** Exercise **
Every entry should come back exactly as written, minus the pictures.

** Data **

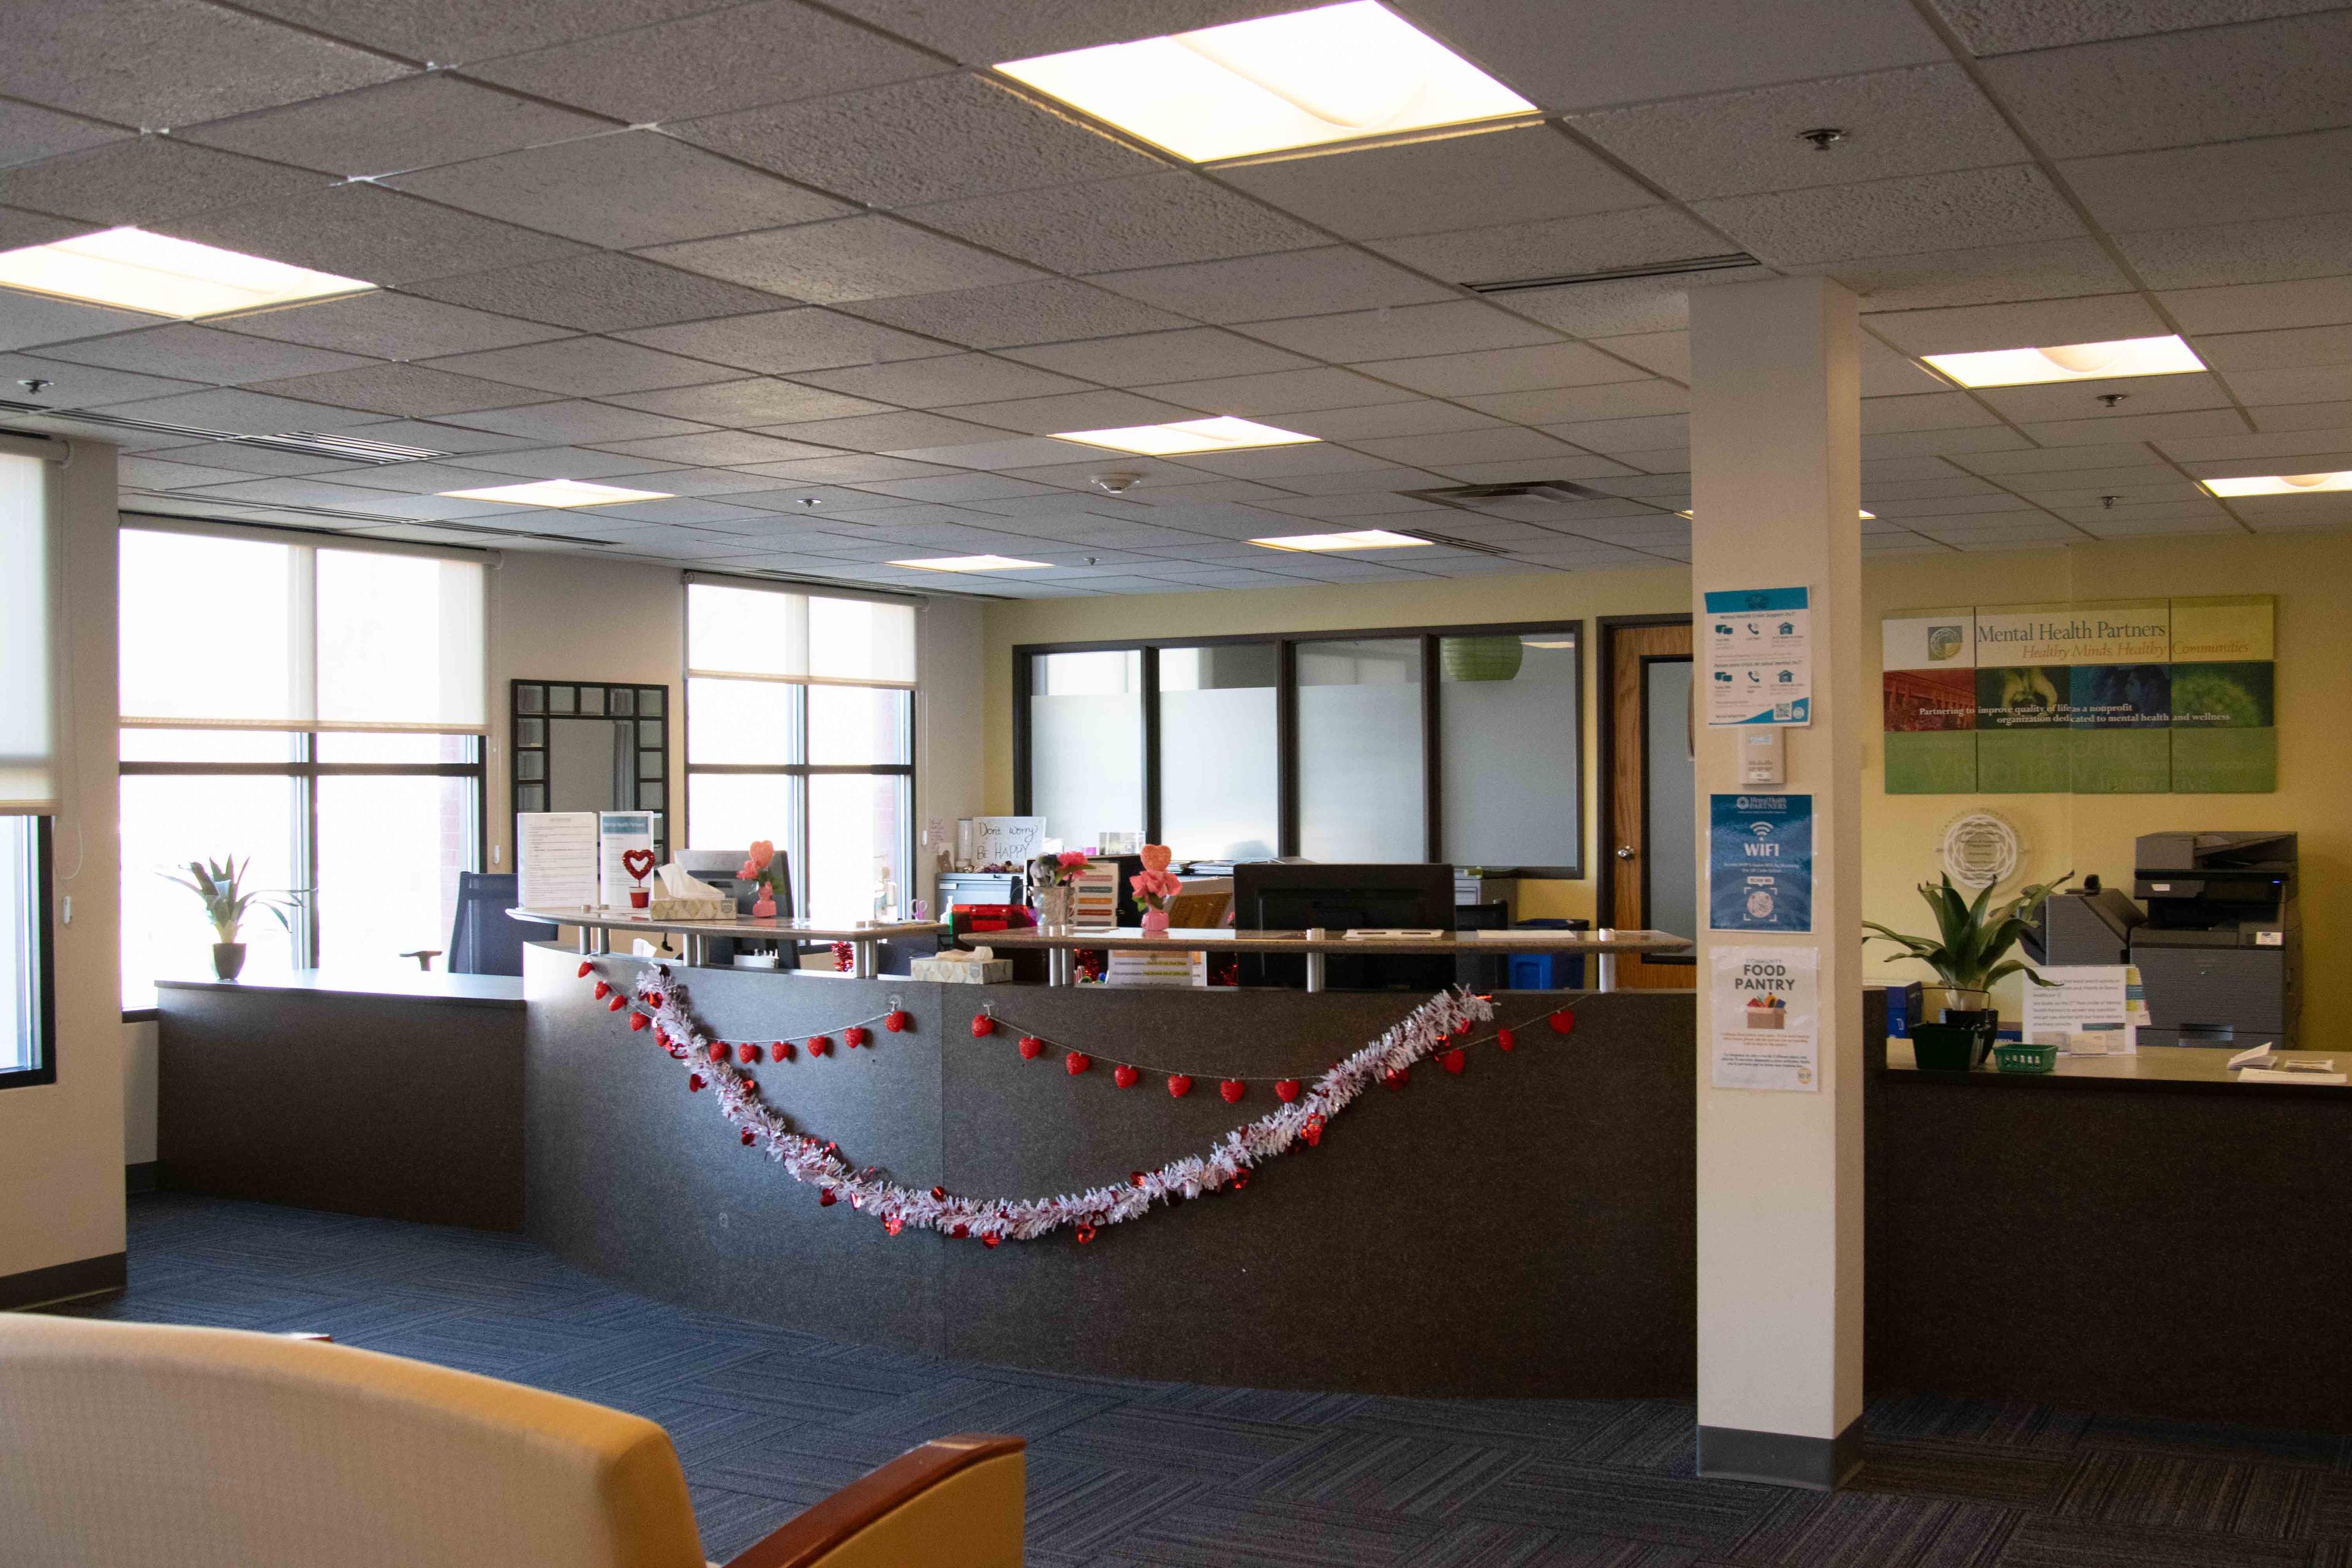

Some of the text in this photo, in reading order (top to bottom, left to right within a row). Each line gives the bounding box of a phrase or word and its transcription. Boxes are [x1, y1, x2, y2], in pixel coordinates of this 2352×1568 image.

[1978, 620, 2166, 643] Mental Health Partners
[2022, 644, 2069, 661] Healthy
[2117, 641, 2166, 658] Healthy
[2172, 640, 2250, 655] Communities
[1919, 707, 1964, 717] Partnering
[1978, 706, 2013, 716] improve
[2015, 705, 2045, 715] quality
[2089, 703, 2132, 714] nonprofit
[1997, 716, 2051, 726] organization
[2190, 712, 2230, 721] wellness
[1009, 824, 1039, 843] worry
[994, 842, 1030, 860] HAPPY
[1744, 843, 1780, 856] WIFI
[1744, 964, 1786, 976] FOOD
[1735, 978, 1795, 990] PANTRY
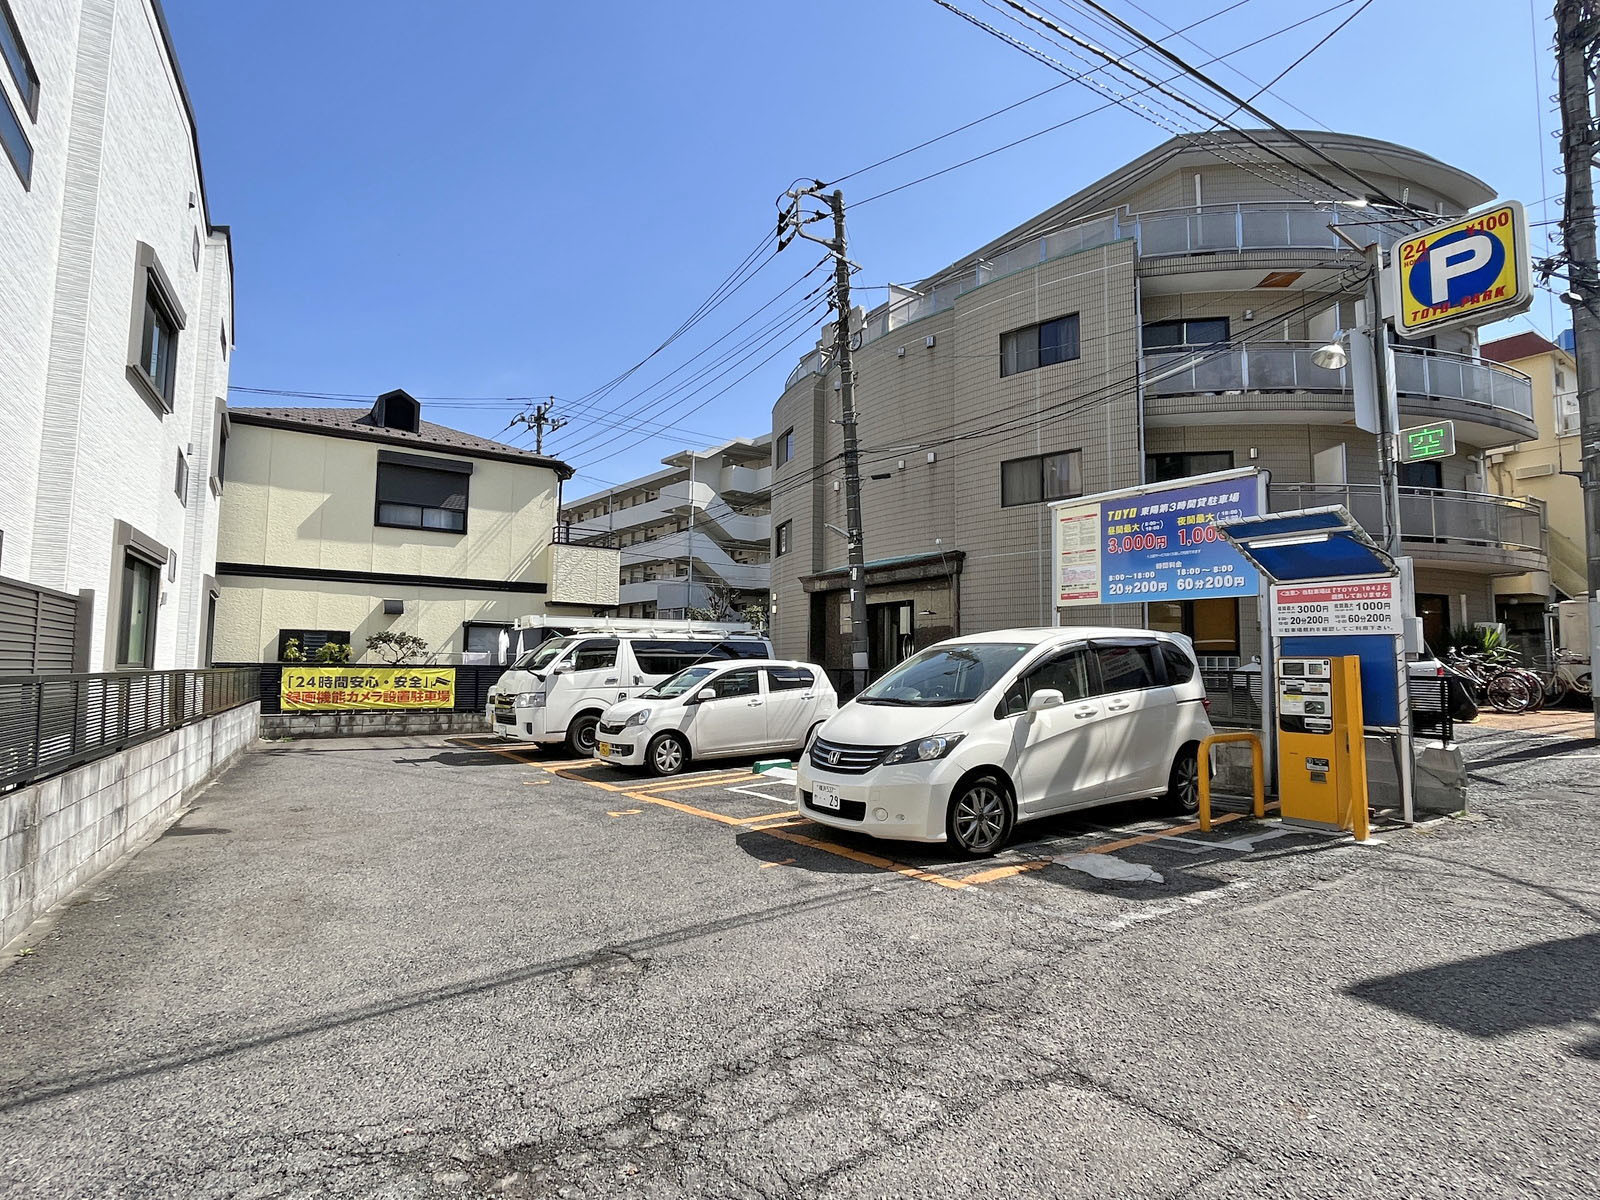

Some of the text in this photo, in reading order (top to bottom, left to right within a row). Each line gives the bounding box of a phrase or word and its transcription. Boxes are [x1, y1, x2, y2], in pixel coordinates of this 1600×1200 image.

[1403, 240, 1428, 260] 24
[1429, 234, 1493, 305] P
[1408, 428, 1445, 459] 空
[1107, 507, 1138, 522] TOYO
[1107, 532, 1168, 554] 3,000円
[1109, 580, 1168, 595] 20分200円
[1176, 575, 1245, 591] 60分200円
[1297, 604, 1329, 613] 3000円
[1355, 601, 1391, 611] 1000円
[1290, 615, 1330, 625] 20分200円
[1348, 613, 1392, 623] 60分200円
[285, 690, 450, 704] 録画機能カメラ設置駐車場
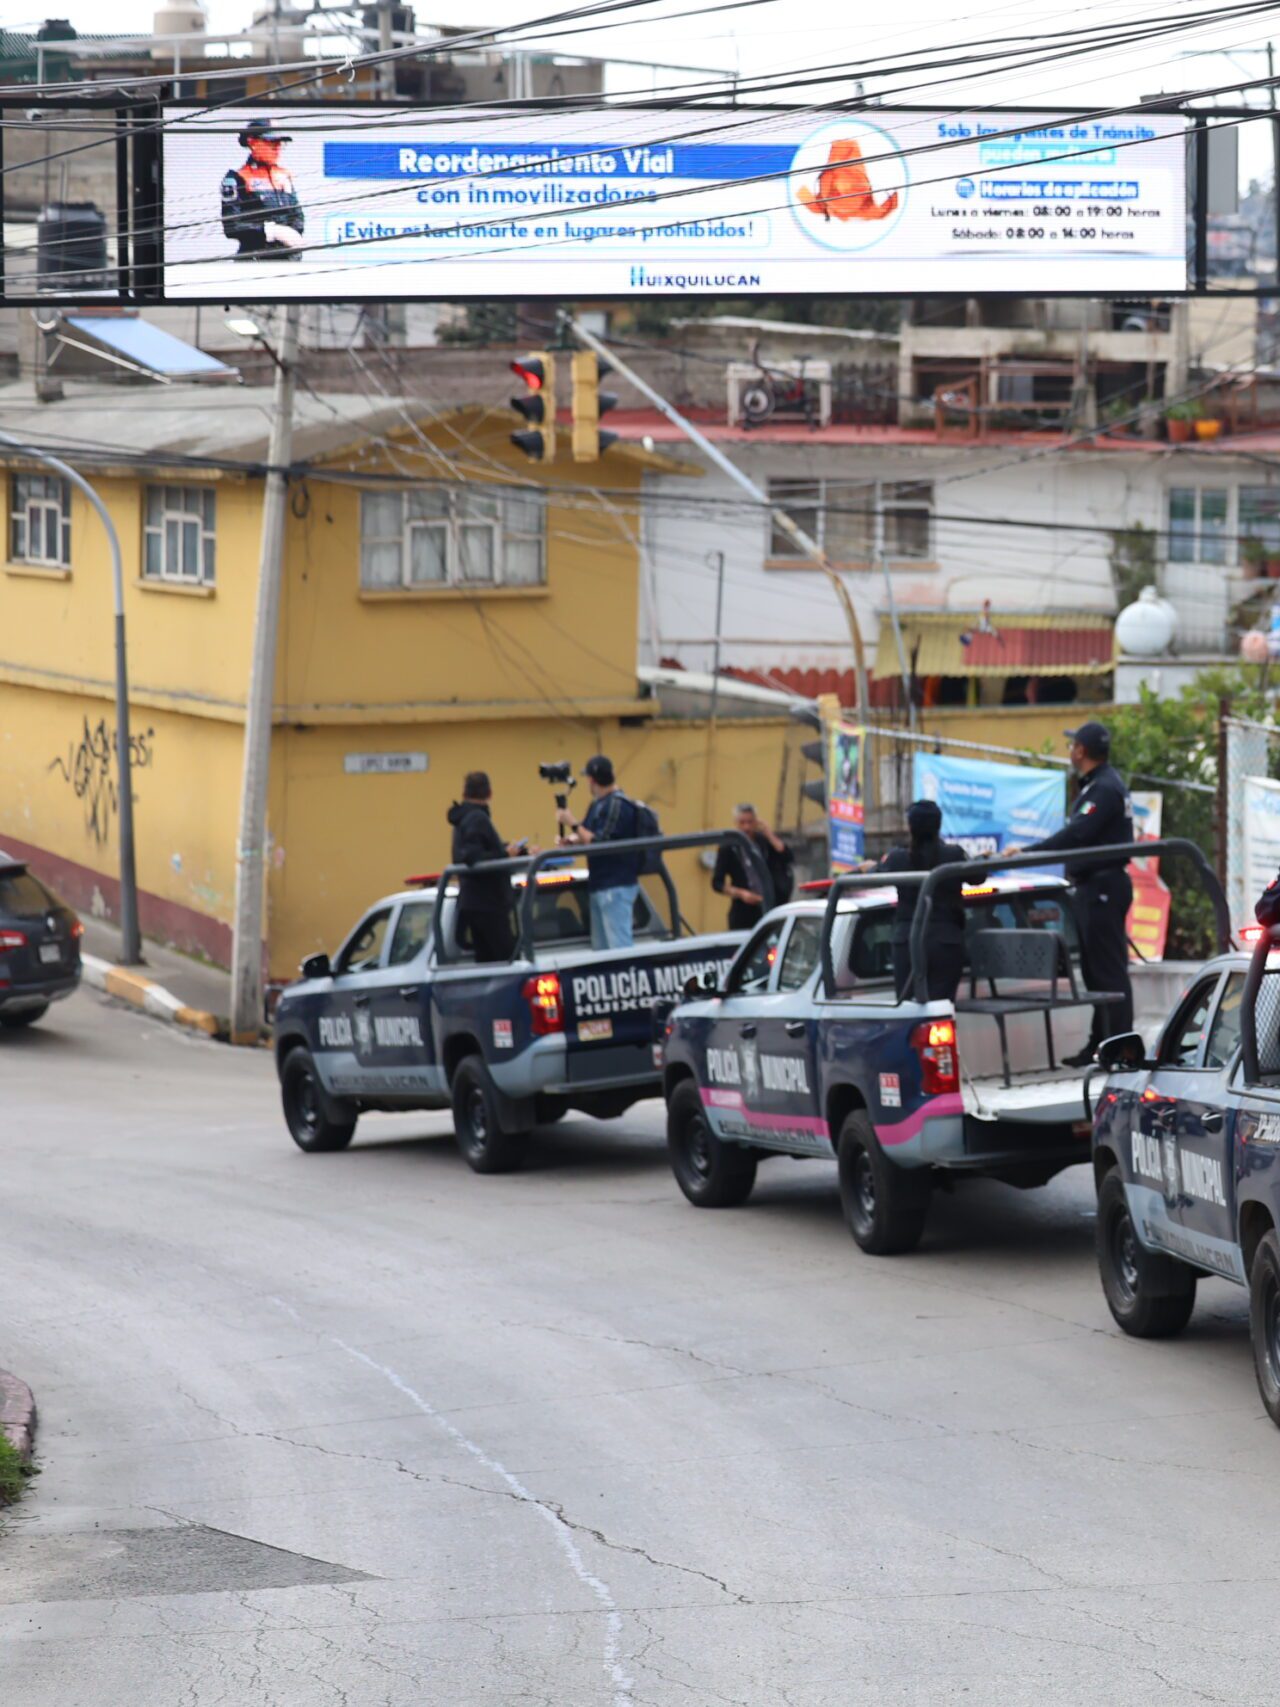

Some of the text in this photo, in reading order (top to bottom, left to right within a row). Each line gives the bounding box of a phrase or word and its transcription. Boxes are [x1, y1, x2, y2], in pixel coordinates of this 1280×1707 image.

** Answer box **
Some of the text in this photo, in reading order (top to bottom, left to right within a row). Each line gives the bounding box of a phrase or word and its transcription. Boxes are [x1, y1, x2, y2], in pixel coordinates of this 2352×1568 image.

[1978, 620, 2166, 643] Mental Health Partners
[2022, 644, 2069, 661] Healthy
[2117, 641, 2166, 658] Healthy
[2172, 640, 2250, 655] Communities
[1919, 707, 1964, 717] Partnering
[1978, 706, 2013, 716] improve
[2015, 705, 2045, 715] quality
[2089, 703, 2132, 714] nonprofit
[1997, 716, 2051, 726] organization
[2190, 712, 2230, 721] wellness
[1009, 824, 1039, 843] worry
[994, 842, 1030, 860] HAPPY
[1744, 843, 1780, 856] WIFI
[1744, 964, 1786, 976] FOOD
[1735, 978, 1795, 990] PANTRY

Some of the text in this photo, in reading order (top to bottom, left to right within a row). Each line gives the bounding box of a phrase or word and its transcription. Boxes are [x1, y1, x2, y2], in pixel coordinates of this 1600×1200 image.

[1403, 240, 1428, 260] 24
[1429, 234, 1493, 305] P
[1408, 428, 1445, 459] 空
[1107, 507, 1138, 522] TOYO
[1107, 532, 1168, 554] 3,000円
[1109, 580, 1168, 595] 20分200円
[1176, 575, 1245, 591] 60分200円
[1297, 604, 1329, 613] 3000円
[1355, 601, 1391, 611] 1000円
[1290, 615, 1330, 625] 20分200円
[1348, 613, 1392, 623] 60分200円
[285, 690, 450, 704] 録画機能カメラ設置駐車場

Some of the text in this photo, in reading order (top to bottom, left to right within a row). Each line gives the bounding box of a phrase or word and its transcription. Boxes are [x1, y1, x2, y2], in pixel coordinates of this 1280×1707 image.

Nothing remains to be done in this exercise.